__Task requirements__
Would you repeat the whole listing exactly, pictures excluded?

__Records for this task__

***

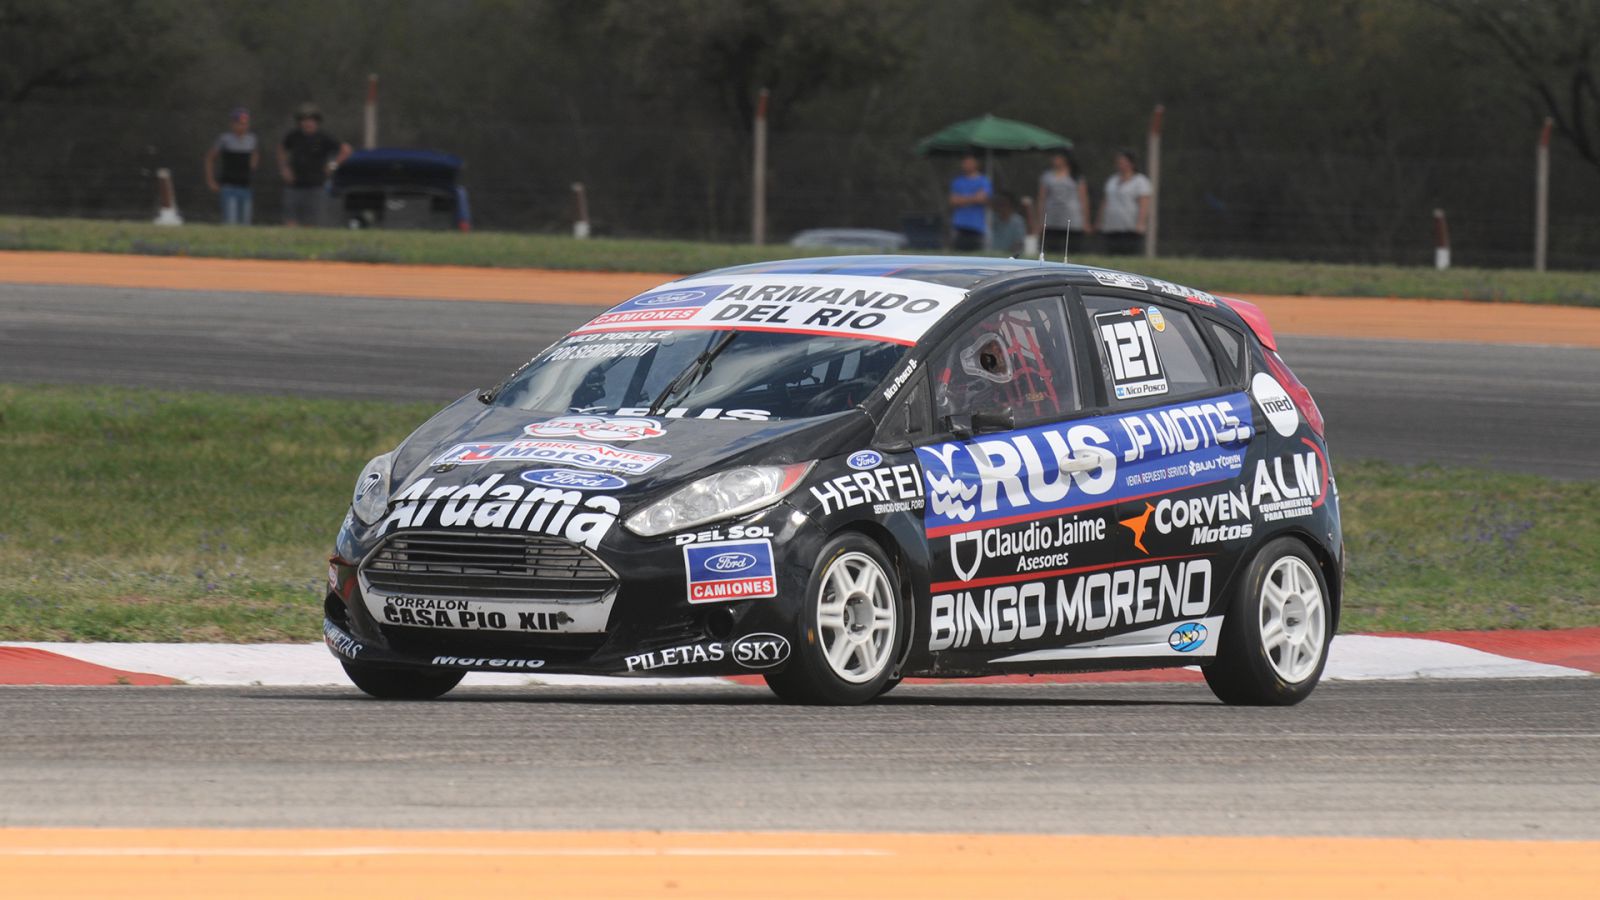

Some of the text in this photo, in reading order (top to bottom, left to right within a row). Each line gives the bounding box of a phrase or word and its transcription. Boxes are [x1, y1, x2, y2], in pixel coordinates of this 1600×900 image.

[716, 285, 940, 314] ARMANDO
[594, 309, 694, 324] CAMIONES
[711, 304, 886, 329] DEL RIO
[600, 331, 651, 341] POSCO
[543, 345, 579, 362] POR
[569, 343, 632, 360] SIEMPRE
[1101, 319, 1159, 380] 121
[883, 383, 899, 401] Nico
[894, 364, 914, 388] Posco
[1125, 384, 1166, 396] Nico Posco
[1262, 395, 1294, 414] med
[1118, 401, 1250, 462] JP MOTOS
[505, 446, 643, 470] Moreno
[514, 440, 657, 462] LUBRICANTES
[855, 454, 876, 467] Ford
[541, 471, 607, 487] Ford
[966, 425, 1116, 513] RUS
[1126, 474, 1141, 487] VENTA
[1141, 470, 1167, 484] REPUESTO
[1167, 464, 1188, 478] SERVICIO
[1196, 459, 1216, 473] BAJAJ
[1252, 452, 1320, 506] ALM
[810, 464, 924, 515] HERFEI
[376, 474, 621, 551] Ardama
[911, 499, 925, 510] FORD
[1154, 484, 1251, 534] CORVEN
[1264, 506, 1313, 522] PARA TALLERES
[675, 525, 774, 546] DEL SOL
[984, 515, 1106, 558] Claudio Jaime
[1191, 523, 1253, 545] Motos
[716, 555, 747, 570] Ford
[1016, 552, 1069, 572] Asesores
[693, 580, 771, 598] CAMIONES
[385, 596, 469, 611] CORRALON
[928, 559, 1212, 651] BINGO MORENO
[383, 605, 455, 628] CASA
[458, 610, 507, 629] PIO
[431, 655, 546, 669] Moreno
[624, 643, 725, 672] PILETAS
[737, 641, 785, 661] SKY
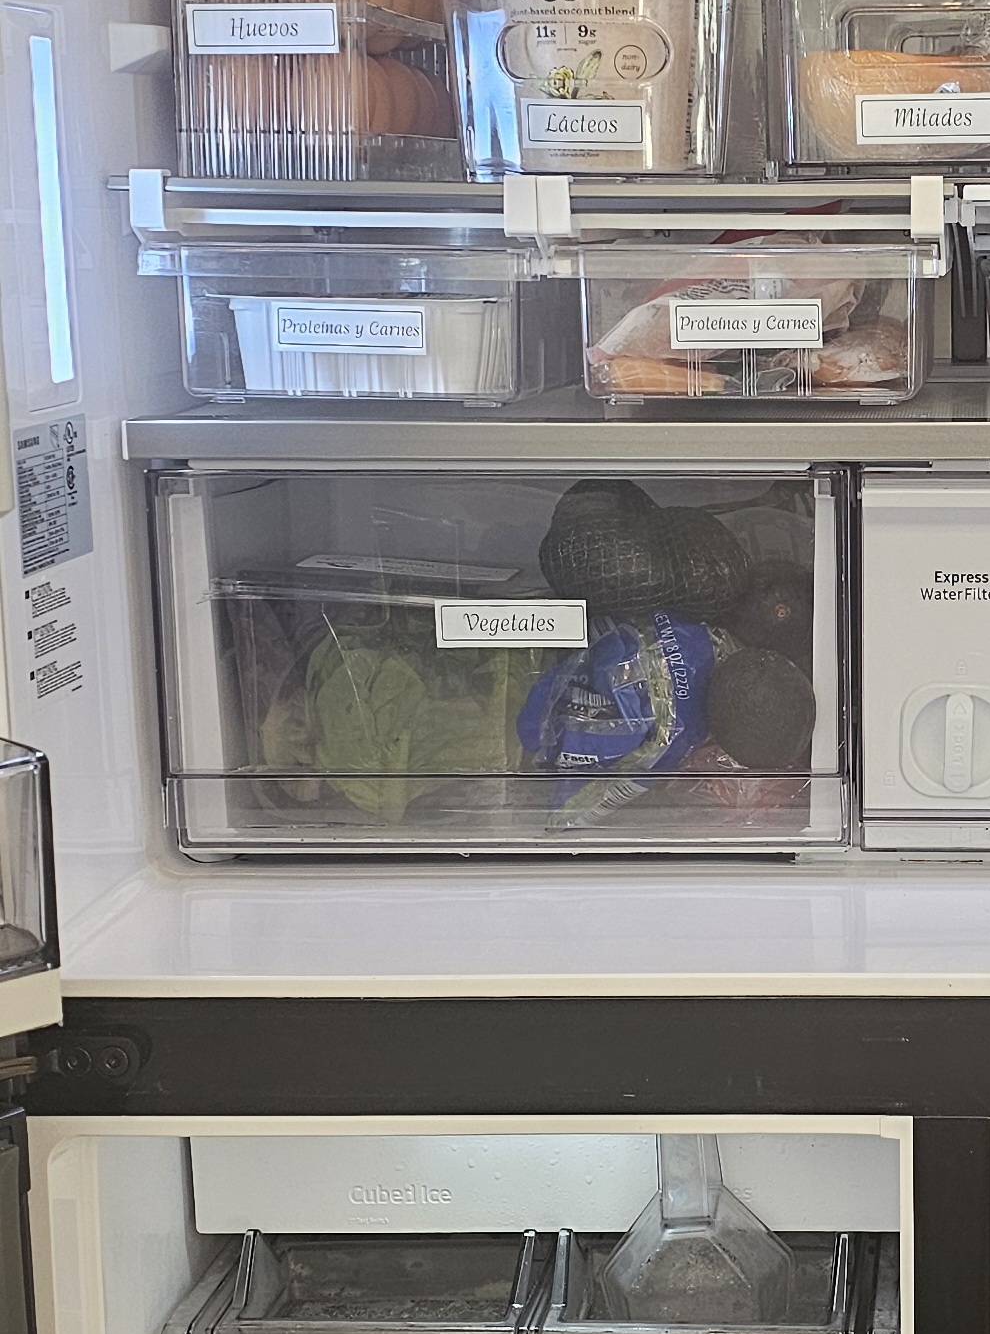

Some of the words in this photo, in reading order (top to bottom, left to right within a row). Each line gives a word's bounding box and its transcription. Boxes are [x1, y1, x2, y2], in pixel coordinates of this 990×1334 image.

[604, 6, 636, 16] blend
[230, 17, 299, 40] Huevos
[536, 25, 557, 39] 11g
[577, 24, 598, 39] 9g
[544, 113, 618, 134] Lácteos
[894, 107, 973, 128] Mitades
[355, 323, 364, 339] y
[369, 320, 421, 338] Carnes
[752, 319, 761, 334] y
[766, 315, 817, 331] Carnes
[934, 570, 990, 587] Express
[463, 612, 555, 637] Vegetales
[666, 645, 679, 653] 8
[563, 753, 597, 764] Facts
[348, 1183, 416, 1205] Cubed
[420, 1184, 452, 1205] Ice
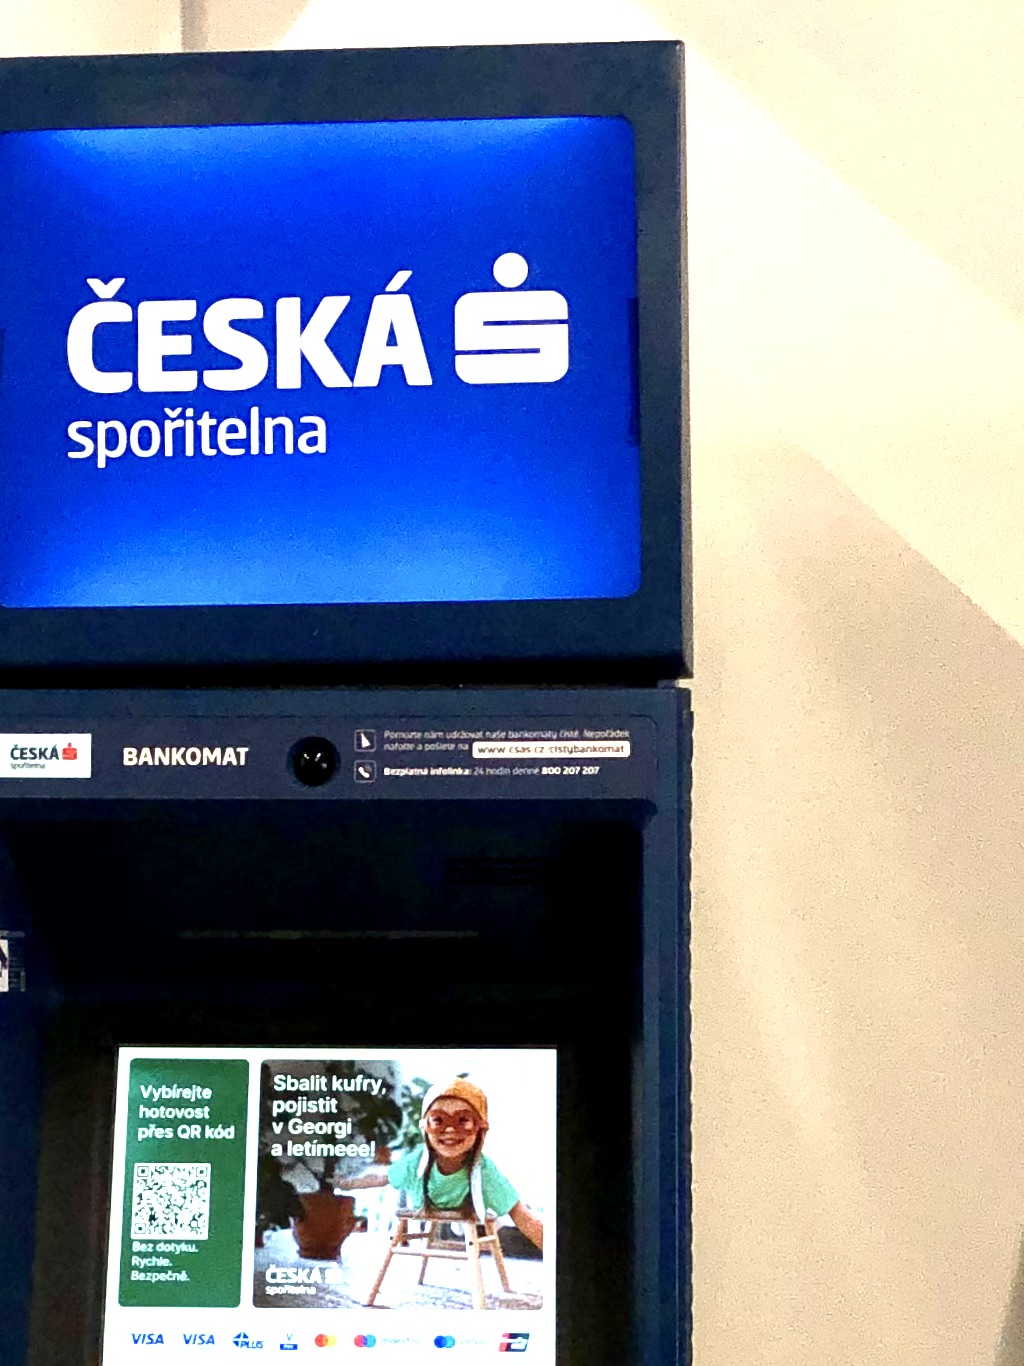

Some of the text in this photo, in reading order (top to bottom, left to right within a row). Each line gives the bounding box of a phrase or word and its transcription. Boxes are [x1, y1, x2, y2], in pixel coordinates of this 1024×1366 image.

***

__Output below__
Some of the text in this photo, in reading order (top to bottom, left to right within a row). Each line gives the bounding box of a phrase or word and its transcription. Boxes are [x1, y1, x2, y2], in pixel coordinates of this 1600×900 image.

[716, 285, 940, 314] ARMANDO
[594, 309, 694, 324] CAMIONES
[711, 304, 886, 329] DEL RIO
[600, 331, 651, 341] POSCO
[543, 345, 579, 362] POR
[569, 343, 632, 360] SIEMPRE
[1101, 319, 1159, 380] 121
[883, 383, 899, 401] Nico
[894, 364, 914, 388] Posco
[1125, 384, 1166, 396] Nico Posco
[1262, 395, 1294, 414] med
[1118, 401, 1250, 462] JP MOTOS
[505, 446, 643, 470] Moreno
[514, 440, 657, 462] LUBRICANTES
[855, 454, 876, 467] Ford
[541, 471, 607, 487] Ford
[966, 425, 1116, 513] RUS
[1126, 474, 1141, 487] VENTA
[1141, 470, 1167, 484] REPUESTO
[1167, 464, 1188, 478] SERVICIO
[1196, 459, 1216, 473] BAJAJ
[1252, 452, 1320, 506] ALM
[810, 464, 924, 515] HERFEI
[376, 474, 621, 551] Ardama
[911, 499, 925, 510] FORD
[1154, 484, 1251, 534] CORVEN
[1264, 506, 1313, 522] PARA TALLERES
[675, 525, 774, 546] DEL SOL
[984, 515, 1106, 558] Claudio Jaime
[1191, 523, 1253, 545] Motos
[716, 555, 747, 570] Ford
[1016, 552, 1069, 572] Asesores
[693, 580, 771, 598] CAMIONES
[385, 596, 469, 611] CORRALON
[928, 559, 1212, 651] BINGO MORENO
[383, 605, 455, 628] CASA
[458, 610, 507, 629] PIO
[431, 655, 546, 669] Moreno
[624, 643, 725, 672] PILETAS
[737, 641, 785, 661] SKY

Some of the words in this photo, in reading order (top to bottom, left to right within a row). Each line gives a word's bounding box and its transcription. Boxes are [x1, y1, x2, y2], in pixel coordinates of this 990×1334 image.

[604, 6, 636, 16] blend
[230, 17, 299, 40] Huevos
[536, 25, 557, 39] 11g
[577, 24, 598, 39] 9g
[544, 113, 618, 134] Lácteos
[894, 107, 973, 128] Mitades
[355, 323, 364, 339] y
[369, 320, 421, 338] Carnes
[752, 319, 761, 334] y
[766, 315, 817, 331] Carnes
[934, 570, 990, 587] Express
[463, 612, 555, 637] Vegetales
[666, 645, 679, 653] 8
[563, 753, 597, 764] Facts
[348, 1183, 416, 1205] Cubed
[420, 1184, 452, 1205] Ice

Some of the text in this photo, in reading order (top to bottom, left to right within a row). Each line gives the bounding box of a phrase or word and its transcription. Boxes are [x1, y1, x2, y2], in pixel coordinates of this 1024×1366 image.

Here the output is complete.